Alors que la famille Trump côtoyait les Windsor lors de sa récente visite à Londres, la différence entre la véritable aristocratie et la fausse était indiscutable. Jared Kushner, gendre présidentiel et conseiller principal chargé d'élaborer un plan de paix pour le Moyen-Orient, a quelque chose en commun avec Lord Curzon et ses manières coloniales.

Dans une interview avec Axios diffusée sur HBO (Home Box Office) le 2 juin, peu de temps avant son arrivée au Royaume-Uni, Kushner a mis en doute la faisabilité d’une autonomie palestinienne indépendante, déclarant: «Nous devrons voir», ajoutant: «L'espoir est qu'ils finissent par être capables de gouverner».

A la question de savoir si les Palestiniens seraient un jour en mesure de se libérer «du gouvernement ou de l’ingérence militaire d’Israël», il a seulement déclaré que c’était mettre la «barre haute».

Après avoir suggéré que Kushner n’avait consulté que peu, voire aucun palestinien durant les deux ans de préparation du plan de paix, son intervieweur lui a demandé s'il comprenait pourquoi les Palestiniens ne lui faisaient pas confiance. Kushner a répondu sèchement: «Je ne suis pas ici pour inspirer confiance».

Ce n'est pas la première fois que les Palestiniens s’entendent dire qu'ils ne peuvent pas se gouverner eux-mêmes, qu'ils sont obligés de rester sous tutelle étrangère et que les consulter sur leur avenir national ne se justifie pas. En 1919, Lord Balfour, un autre impérialiste britannique, écrivit dans une note de service confidentielle à Curzon lui-même: «En Palestine, nous ne proposons même pas de consulter les souhaits des habitants actuels du pays (…). Le sionisme, qu’il soit bien ou mal, bon ou mauvais, est enraciné dans des traditions ancestrales, dans des nécessités présentes, dans des espoirs futurs bien plus importants que les désirs et les préjugés de 700.000 Arabes qui habitent à présent sur cette antique terre».

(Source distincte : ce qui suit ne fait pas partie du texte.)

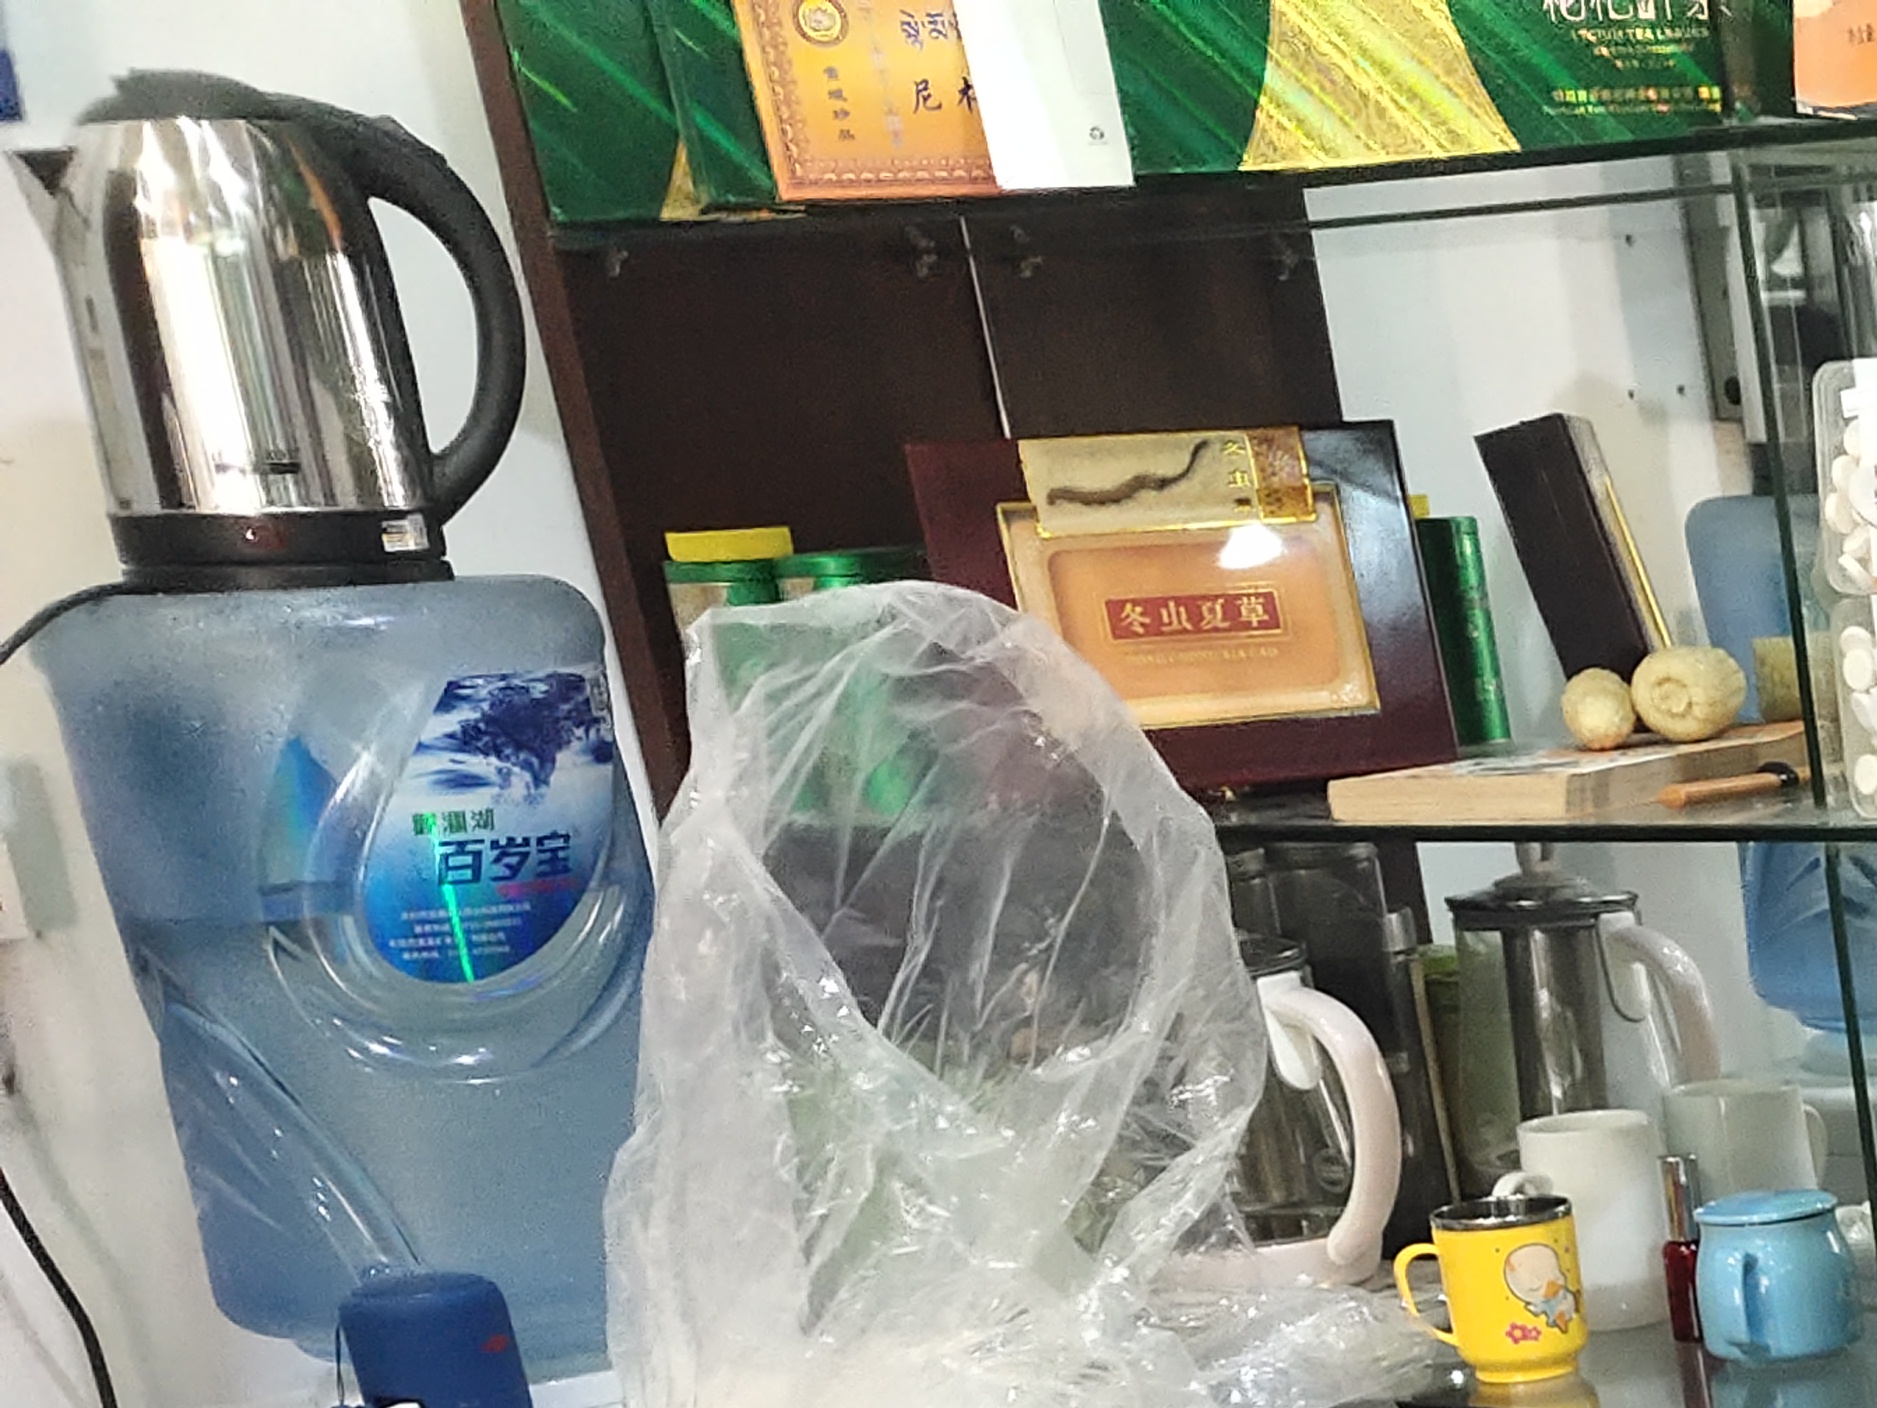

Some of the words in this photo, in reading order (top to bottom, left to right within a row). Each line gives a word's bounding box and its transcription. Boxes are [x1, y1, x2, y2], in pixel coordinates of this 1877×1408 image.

La déclaration de 1917 associée au nom de Balfour, base du mandat britannique qui a conduit à la création d'Israël, excluait les Palestiniens - que Balfour n'a jamais mentionnés nommément - des droits politiques et nationaux accordés aux juifs.

Dans l'interview Axios, Kushner a repris les paroles de Balfour, excluant à plusieurs reprises les Palestiniens de leurs droits politiques et nationaux. Kushner et ses collègues, le conseiller de la Maison Blanche Jason Greenblatt et David Friedman, ambassadeur des États-Unis en Israël, ont toujours insisté sur le fait qu’il s’agissait essentiellement d’une initiative de développement économique pour la Cisjordanie et la bande de Gaza occupées, censée fonctionner dans des conditions de contrôle israélien quasi absolu.

Jusqu'à présent, aucun élément politique n'a été révélé, à l'exception de l'indication claire que la souveraineté et l'Etat palestiniens sont exclus. Tout ce que les Palestiniens méritent, selon Kushner, est «l’opportunité d’avoir une vie meilleure (…), l’opportunité de payer leur hypothèque» sous souveraineté israélienne.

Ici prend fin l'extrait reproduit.